The shift in tone is subtle but important. XRP is no longer cascading lower, yet it has not attracted the type of demand typically associated with trend reversals. Instead, the market appears to be compressing, waiting for a clearer catalyst to resolve direction. Price behavior now reflects caution rather than panic, with sellers less aggressive but buyers still hesitant to commit meaningful capital.
Technical structure remains heavy despite early stabilization
On the daily chart, XRP continues to trade below all major EMAs. The 20, 50, 100, and 200-day EMAs are stacked bearishly between roughly $1.95 and $2.39, forming a dense overhead supply zone that has rejected every rebound attempt since November. The failure to reclaim even the 20-day EMA near $1.95 confirms that sellers retain medium-term control.

XRP price dynamics (Source: TradingView)
However, the nature of the decline has changed. Daily candles have shortened, and downside follow-through has weakened, suggesting that selling pressure is being absorbed rather than accelerated. This type of price behavior typically precedes consolidation phases rather than immediate continuation lower, particularly after extended corrective moves.
Momentum indicators support this view. Daily RSI is holding in the high-30s, hovering just above oversold territory. While this still reflects weak momentum, RSI is no longer making lower lows even as price drifts sideways. This early divergence between price and momentum does not signal a reversal on its own, but it does suggest that downside energy is stabilizing.
Intraday structure improves as volatility compresses
Zooming into the 30-minute chart, short-term structure has improved modestly. XRP has begun printing higher lows above the $1.85 area, with Supertrend support flipping higher near $1.855. Parabolic SAR dots have also shifted beneath price during recent sessions, signaling short-term trend repair after the sharp selloff seen on December 24.
Despite this improvement, upside progress remains limited. Price continues to stall beneath descending resistance near $1.89–$1.91, where short-term sellers remain active. This keeps rallies tactical and reactive rather than impulsive, reinforcing the view that XRP is stabilizing, not yet recovering.
Flows and positioning signal de-risking, not accumulation
Derivatives data adds critical context to the current price action. Aggregate open interest has slipped to roughly $3.44B, down modestly on the day, while overall trading volume has declined sharply. This combination points to de-risking rather than renewed speculative positioning. Leverage is being reduced, not rebuilt.
Liquidation data reinforces this narrative. Long and short liquidations over the past 24 hours have been relatively small, indicating that the market is transitioning into a lower-volatility, range-bound phase rather than undergoing forced capitulation. This environment typically favors consolidation, not trend acceleration.
Long-to-short ratios remain elevated among top traders, particularly on Binance, where positioning continues to skew long. However, this optimism has not translated into upside follow-through. The disconnect between bullish positioning and stagnant price action highlights a familiar theme for XRP: leverage exists, but spot demand has not confirmed it.

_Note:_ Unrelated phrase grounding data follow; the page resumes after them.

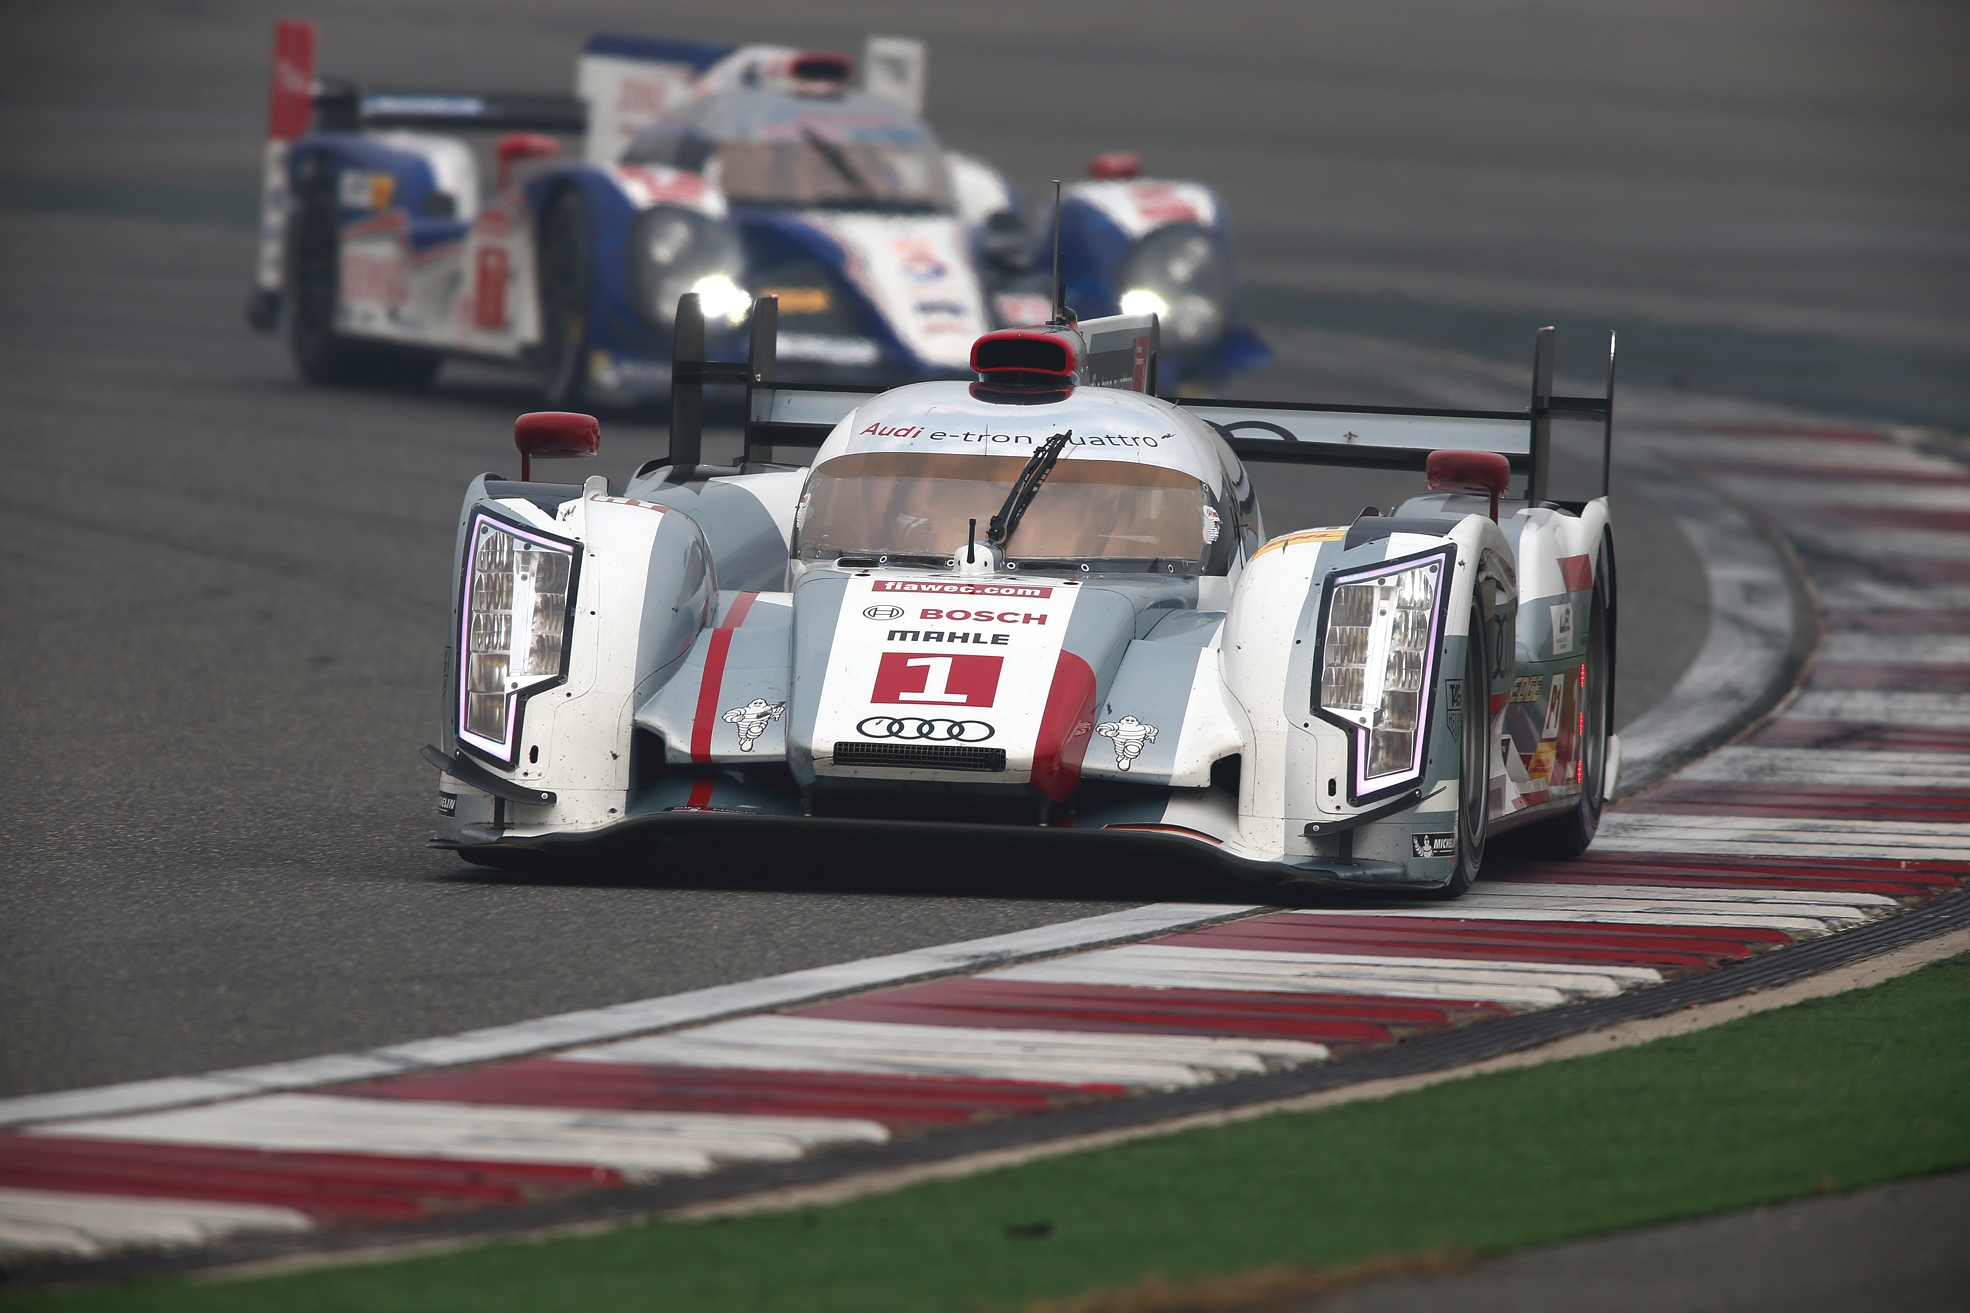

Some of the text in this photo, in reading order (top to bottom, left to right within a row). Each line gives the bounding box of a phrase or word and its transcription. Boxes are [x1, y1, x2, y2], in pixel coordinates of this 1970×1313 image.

[859, 421, 925, 439] Audi
[929, 431, 1033, 445] e-tron
[884, 581, 1041, 597] fiawec.com
[919, 608, 1048, 626] BOSCH
[887, 630, 1010, 646] MAHLE
[898, 656, 968, 703] 1
[1509, 674, 1544, 703] EDGE
[1546, 684, 1562, 730] P1

That hesitation is visible in spot flow data. XRP recorded net outflows of roughly $5M on December 25, extending a broader pattern of distribution seen throughout the fourth quarter. While these outflows are smaller than those observed during earlier sell waves, they still indicate that sustained accumulation remains absent. Without consistent inflows, rallies have struggled to persist.
Levels that matter as XRP compresses
Structurally, the $1.85-$1.82 zone has emerged as key short-term support. This area has repeatedly attracted bids and aligns with recent intraday lows. A decisive break below this range would likely reopen downside risk toward the $1.75 region.

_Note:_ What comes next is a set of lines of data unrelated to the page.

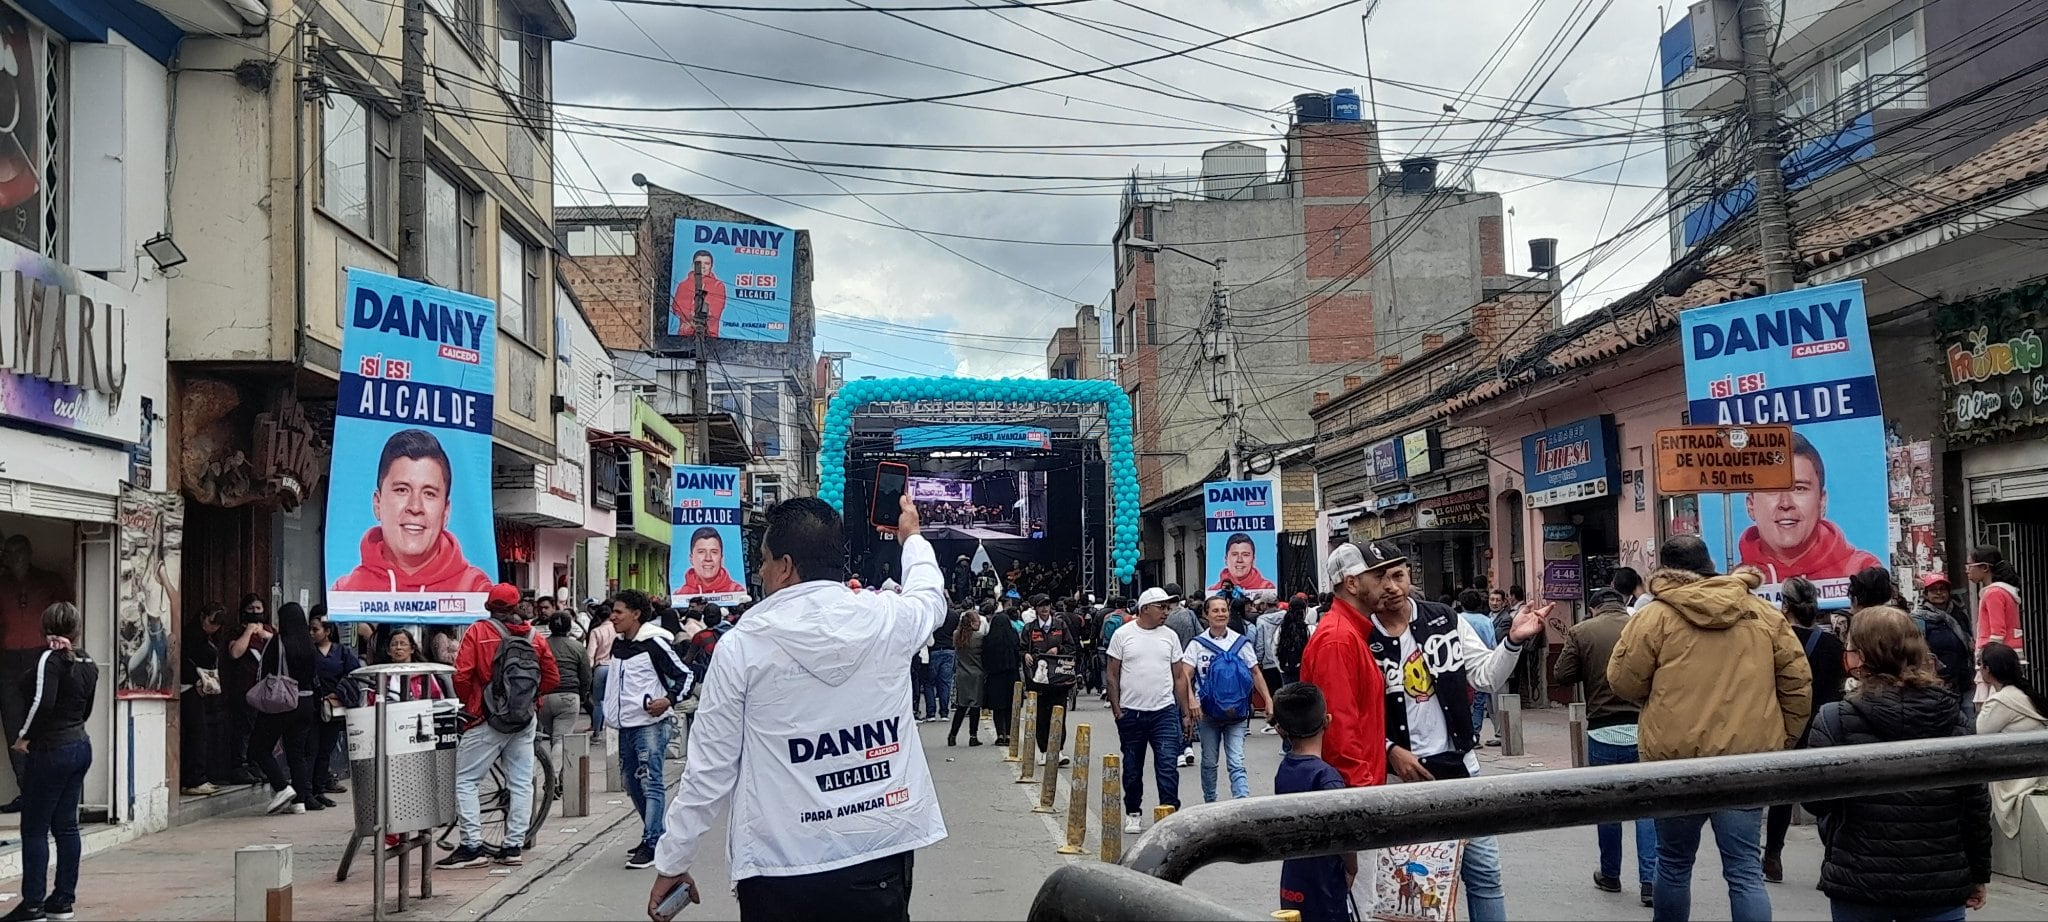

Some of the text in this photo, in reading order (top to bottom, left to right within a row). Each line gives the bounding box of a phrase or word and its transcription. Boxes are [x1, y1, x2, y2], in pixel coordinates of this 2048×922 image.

[695, 225, 784, 249] DANNY
[740, 248, 776, 256] CAICEDO
[757, 275, 776, 287] ES!
[738, 290, 774, 299] ALCALDE
[353, 287, 487, 350] DANNY
[1693, 299, 1852, 360] DANNY
[442, 347, 477, 362] CAICEDO
[1796, 341, 1846, 356] CAICEDO
[360, 354, 410, 379] ¡SÍ ES!
[1711, 373, 1765, 398] ¡SÍ ES!
[359, 380, 476, 428] ALCALDE
[1718, 384, 1854, 425] ALCALDE
[1660, 434, 1724, 450] ENTRADA
[1746, 433, 1786, 447] ALIDA
[1535, 437, 1591, 475] TERESA
[1677, 452, 1775, 467] DE VOLQUETAS
[677, 473, 735, 490] DANNY
[1700, 470, 1754, 484] A 50 mts
[1208, 486, 1268, 503] DANNY
[681, 509, 732, 523] ALCALDE
[1446, 503, 1470, 514] GUAVIO
[1216, 517, 1266, 531] ALCALDE
[360, 594, 464, 612] ¡PARA AVANZAR MÁS!
[788, 716, 899, 763] DANNY
[868, 745, 897, 757] CAICEDO
[825, 762, 889, 790] ALCALDE
[801, 787, 909, 823] ¡PARA AVANZAR MÁS!

On the upside, XRP must reclaim $1.95 on a daily closing basis to signal that the corrective phase is ending. Beyond that, the $2.1 area, where the 50-day EMA sits, represents the first meaningful trend test. Until those levels are recovered with volume support, upside attempts remain vulnerable to failure.
As noted in earlier XRP coverage, price weakness through Q4 has consistently aligned with negative spot flows and elevated long positioning that failed to attract fresh demand. That dynamic remains largely unchanged. The current stabilization reflects exhaustion of sellers, not yet conviction from buyers.

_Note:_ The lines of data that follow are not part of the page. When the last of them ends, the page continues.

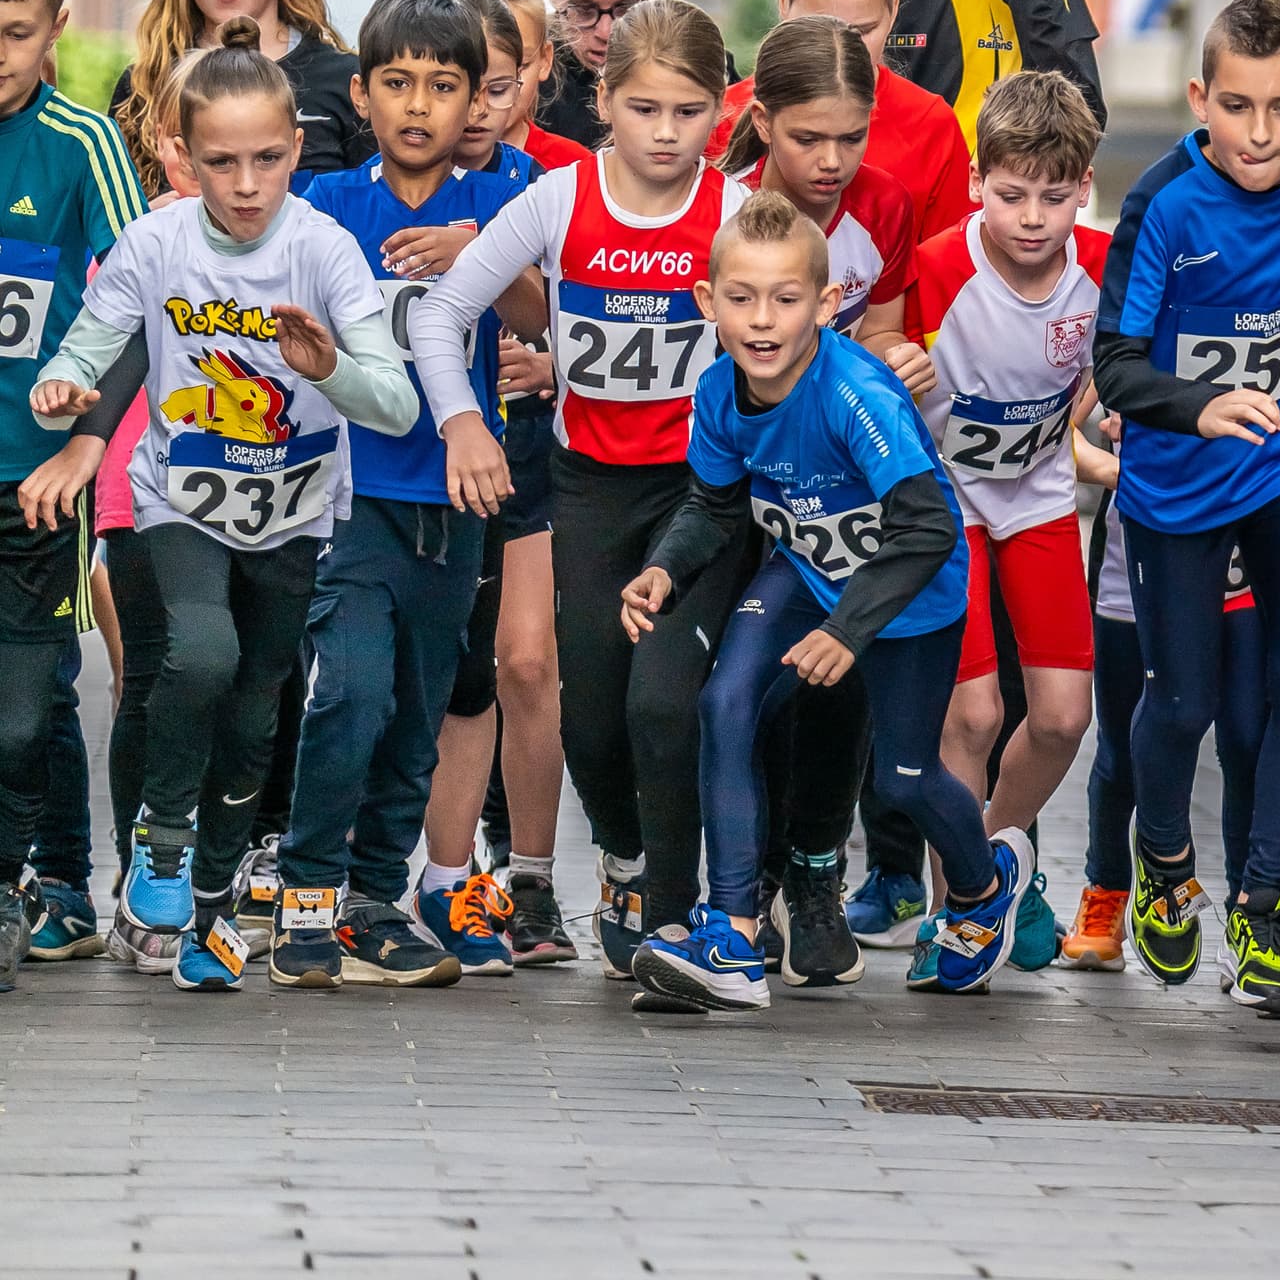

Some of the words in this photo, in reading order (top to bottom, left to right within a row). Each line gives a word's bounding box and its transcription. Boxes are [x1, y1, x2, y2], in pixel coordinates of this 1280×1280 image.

[587, 247, 694, 276] ACW'66
[605, 294, 655, 306] LOPERS
[605, 304, 655, 315] COMPANY
[633, 315, 668, 324] TILBURG
[1235, 319, 1280, 332] COMPANY
[567, 320, 706, 391] 247
[1004, 401, 1050, 413] LOPERS
[951, 400, 1075, 472] 244
[225, 443, 274, 459] LOPERS
[224, 454, 273, 468] COMPANY
[253, 463, 286, 474] TILBURG
[182, 460, 323, 537] 237
[762, 507, 885, 573] 226
[297, 892, 322, 901] 306
[961, 924, 983, 935] 226

Overall, XRP is not breaking down, but it is also far from recovery. The market is compressing beneath heavy technical resistance while leverage and spot participation remain muted. This environment favors patience rather than prediction. Until buyers reclaim key moving averages with sustained volume, XRP’s rallies are likely to remain tactical bounces within a broader corrective structure rather than the start of a durable trend reversal.